Records contained in a dataset
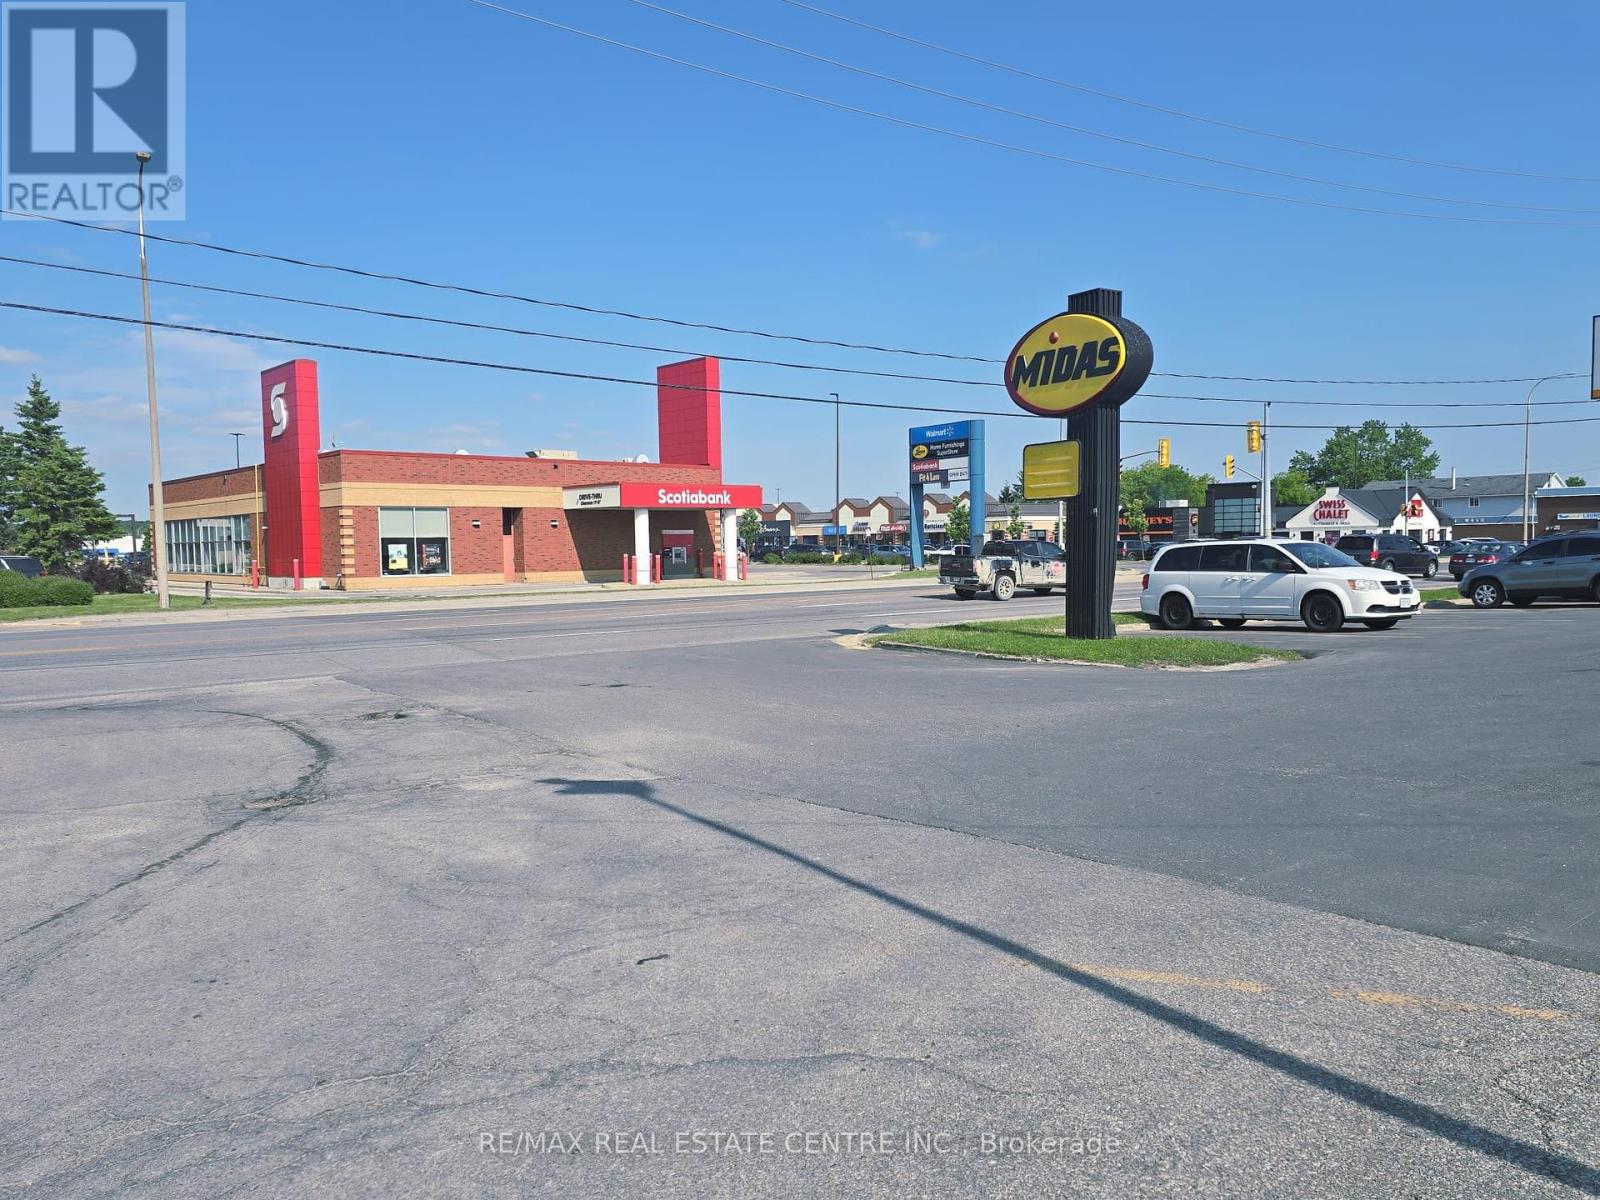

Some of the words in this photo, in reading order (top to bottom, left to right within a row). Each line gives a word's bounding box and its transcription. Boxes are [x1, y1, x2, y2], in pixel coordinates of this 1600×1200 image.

[1012, 336, 1121, 391] MIDAS
[926, 429, 946, 438] Walmart
[912, 462, 938, 471] Scotiabank
[658, 488, 731, 505] Scotiabank
[1318, 499, 1346, 509] SWISS
[1313, 509, 1350, 521] CHALET

● ASSIGNMENT: Type the records out again in full, exactly, with each picture omitted.

● RESULT FOR THIS EXERCISE:
Some of the words in this photo, in reading order (top to bottom, left to right within a row). Each line gives a word's bounding box and its transcription. Boxes are [x1, y1, x2, y2], in pixel coordinates of this 1600×1200 image.

[1012, 336, 1121, 391] MIDAS
[926, 429, 946, 438] Walmart
[912, 462, 938, 471] Scotiabank
[658, 488, 731, 505] Scotiabank
[1318, 499, 1346, 509] SWISS
[1313, 509, 1350, 521] CHALET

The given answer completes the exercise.